An interesting approach consists of the design of molecular donors in which an internal charge transfer (ICT) is created by the introduction of electron acceptor (A) groups in the structure of the donor.23 This ICT concomitantly leads to the extension of the absorption spectrum towards longer wavelengths and particularly to the decrease of the HOMO level which results in an increase of Voc of the corresponding OSC and also in a better stability of the molecule against oxidation. Thus conjugated molecules such as D–A, D–A–D or A–D–A systems, combining electron-donor (D) and electron-acceptor (A) groups, have led to molecular donors exhibiting interesting photovoltaic performance.24,25 In addition, the use of a buffer layer with the photoconversion layer has recently gained increasing attention in OSC research.26,27 An organic buffer layer is usually inserted between the charge-injection electrode and the active layer for the purpose of enhanced device operation. The buffer layer is introduced to improve charge injection/collection by providing an intermediate transport level. Morphological tuning of the active layer can be also expected in the case where the active layer is deposited on top of a buffer layer for which the surface energy is different from that of the bare electrode. The overall improvement in PCEs observed in this type of system has been found to be linked to more ideal diode current–voltage curves, lacking the so-called s-shape related to a leakage current contribution.28

We herein report on the demonstration of high-performance, evaporation-based BHJ OSCs using a small donor molecule based on a D–A structure, namely 2-((5-(4-(diphenylamino)phenyl)thiophen-2-yl)methylene)malononitrile (DPTMM) which has been recently used in planar bilayer heterojunction OSCs.29,30 Through multiple series of experiments, and by employing a co-evaporated BHJ system design and the tailored film composition with a proper buffer layer at the hole-collection side, the PCE of a DPTMM/C60 cell was raised to 4.0%. In particular, an outstanding value of Voc near 1.0 V suggests that DPTMM can be considered as a promising candidate for an efficient molecular donor in high-performance OSCs. Also, the simplicity of the molecular structure of DPTMM associated to its ease of preparation represents important parameters which must be taken into account for the future development of OSCs.

2. Experimental

2.1. Materials

Fig. 1 shows the chemical structures of all materials used in this study. DPTMM (Fig. 1a) was used as the donor material in all experiments. The synthesis of this new donor material has been reported in a recent paper.29 The HOMO and LUMO levels of DPTMM were found to be 5.96 eV and 3.79 eV, respectively.
image file: c3ra47059h-f1.tif
Fig. 1 Chemical structures of the investigated compounds. (a) DPTMM, (b) C60, (c) α-NPB and (d) PEDOT:PSS.

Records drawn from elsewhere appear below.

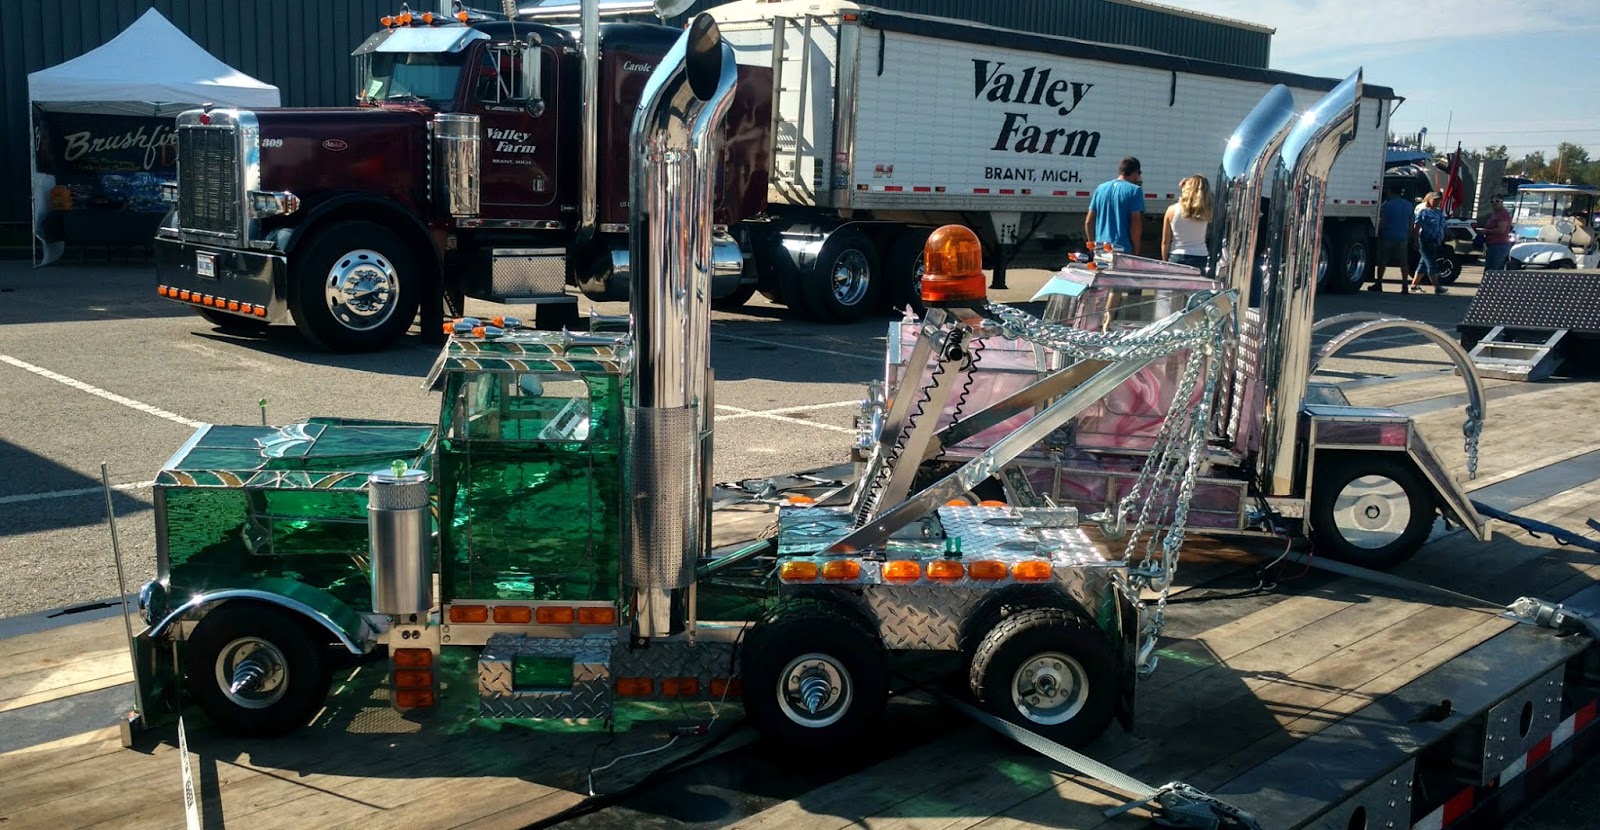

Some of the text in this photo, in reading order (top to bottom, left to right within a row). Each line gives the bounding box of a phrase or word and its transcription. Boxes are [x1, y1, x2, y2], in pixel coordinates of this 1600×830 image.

[971, 58, 1095, 116] Valley
[261, 138, 284, 148] 309
[487, 127, 532, 142] Valley
[990, 112, 1101, 158] Farm
[63, 124, 177, 170] Brushfir
[495, 140, 536, 153] Farm
[984, 166, 1082, 183] BRANT, MICH.
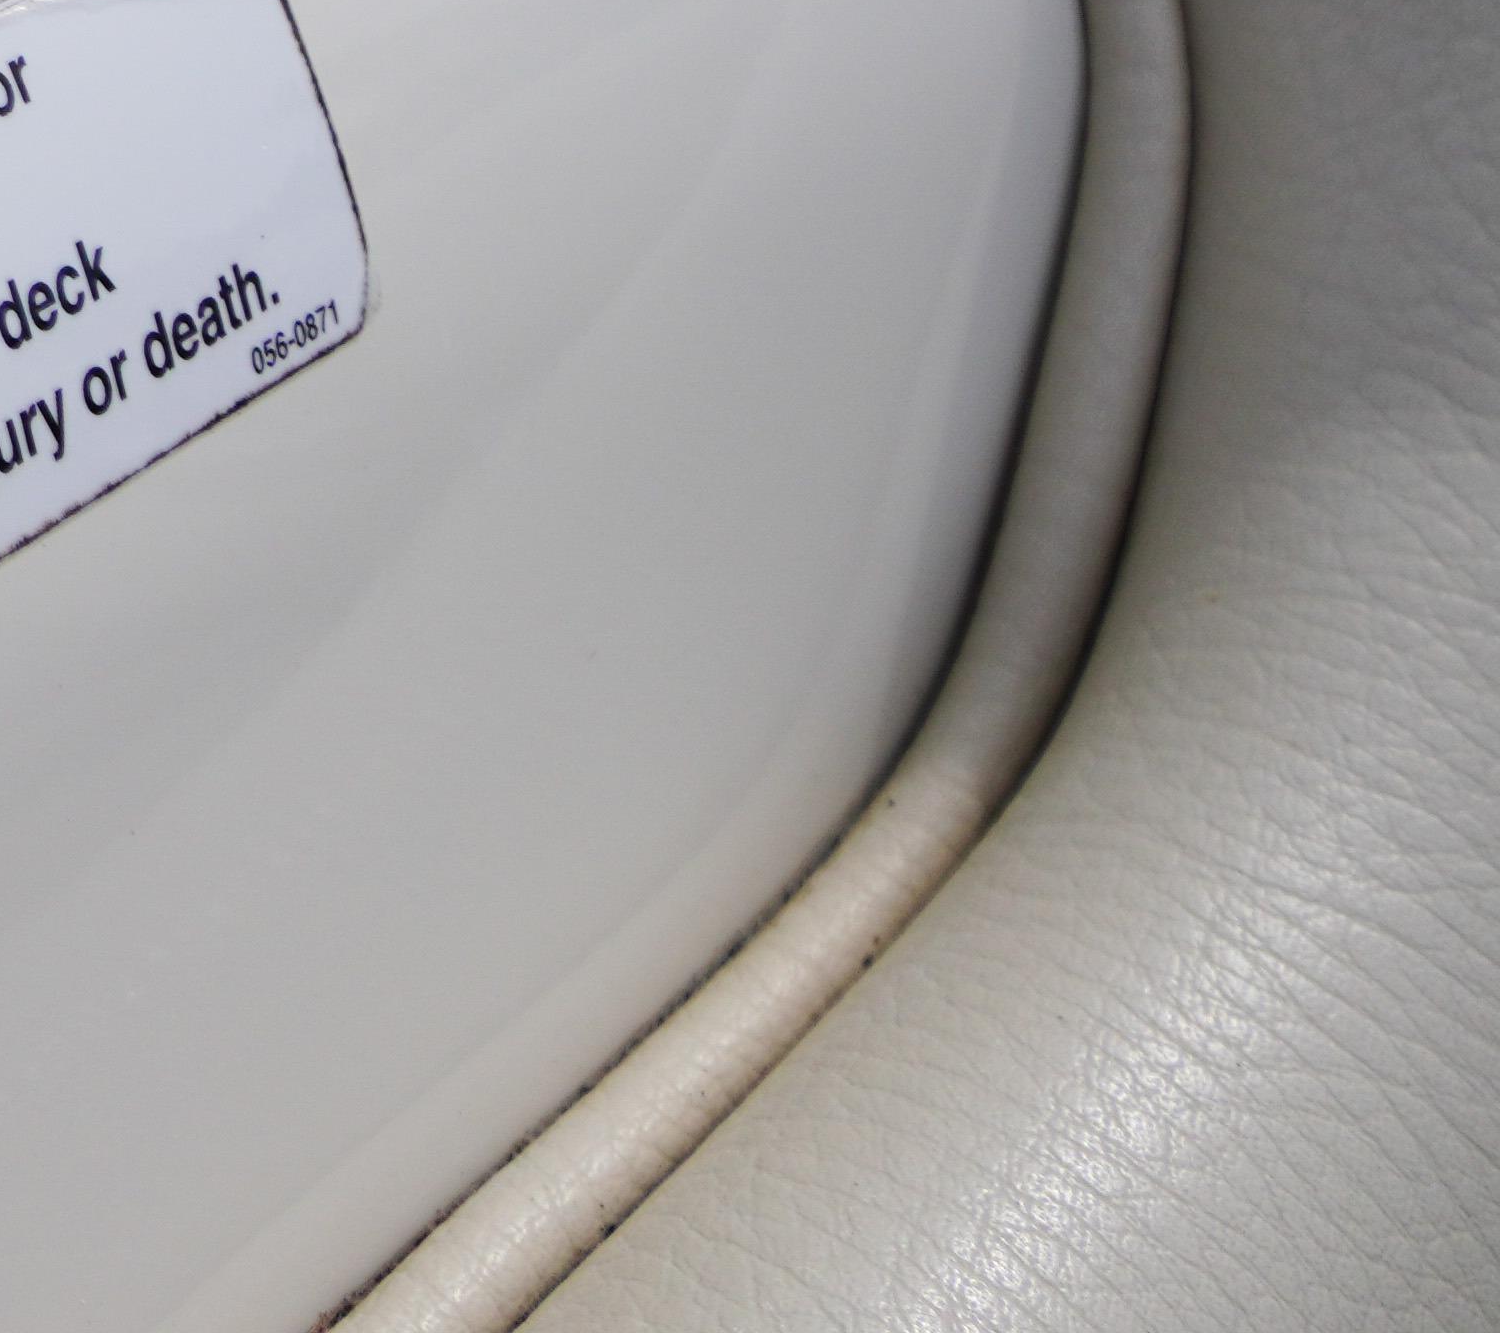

2.2. Solar cell fabrication and measurements

All solar cell samples were fabricated on a pre-cleaned, patterned indium-tin-oxide (ITO) coated glass substrate purchased from Xinyan Technologies and with a sheet resistance of 20 Ω □−1. Before depositing organic layers, the patterned ITO glasses were cleaned by ultrasonification in isopropyl alcohol (IPA) and treated by UV–ozone with a NOVASCAN UV-exposure system. Subsequently, the substrates were spin-coated with poly(3,4-ethylenedioxythiophene)–poly(styrenesulfonate) (PEDOT:PSS) (Baytron 4083). The thickness of this layer was approximately 40 nm after drying at 108 °C for 2 minutes. The samples were then transferred into the thermal evaporator. Small molecules were thermally evaporated at a pressure below <10−7 Torr. For the BHJ active layer, the material composition ratio (DPTMM and C60) was obtained by two quartz sensors. One quartz sensor measured C60 evaporation rate while another sensor detected the deposition rate of both DPTMM and C60, from both of which could be estimated the film composition (see ESI). The devices were finished by depositing 1.2 nm of lithium fluoride (LiF) and a 100 nm thick aluminum layer as a top electrode through a shadow mask, defining a device area of 0.28 cm2. The structures of the devices used in this study are summarized in Table 1. The current–voltage (IV) measurements of the fabricated OSCs were performed under the illumination of a simulated AM 1.5G solar light (100 mW cm−2) connected to a computer-controlled Keithley 2635 source measurement unit (SMU) inside a nitrogen-filled glove box.
Table 1 Summary of the structures of the solar cells used is this study
Device X Structure (nm) ITO/PEDOT:PSS (40 nm)/X/C60 (30 nm)/LiF (1.2 nm)/Al (100 nm)
A DPTMM (10 nm)/DPTMM:C60 60[thin space (1/6-em)]:[thin space (1/6-em)]40 (30 nm)
B DPTMM (15 nm)/DPTMM:C60 60[thin space (1/6-em)]:[thin space (1/6-em)]40 (30 nm)
C DPTMM (20 nm)/DPTMM:C60 60[thin space (1/6-em)]:[thin space (1/6-em)]40 (30 nm)
D α-NPB (5 nm)/DPTMM (15 nm)/DPTMM:C60 60[thin space (1/6-em)]:[thin space (1/6-em)]40 (30 nm)
E α-NPB (5 nm)/DPTMM (15 nm)/DPTMM:C60 55[thin space (1/6-em)]:[thin space (1/6-em)]45 (30 nm)
F α-NPB (5 nm)/DPTMM (15 nm)/DPTMM:C60 50[thin space (1/6-em)]:[thin space (1/6-em)]50 (30 nm)
G α-NPB (5)/DPTMM (15 nm)/DPTMM:C60 70[thin space (1/6-em)]:[thin space (1/6-em)]30…DPTMM:C60 50[thin space (1/6-em)]:[thin space (1/6-em)]50 (30 nm)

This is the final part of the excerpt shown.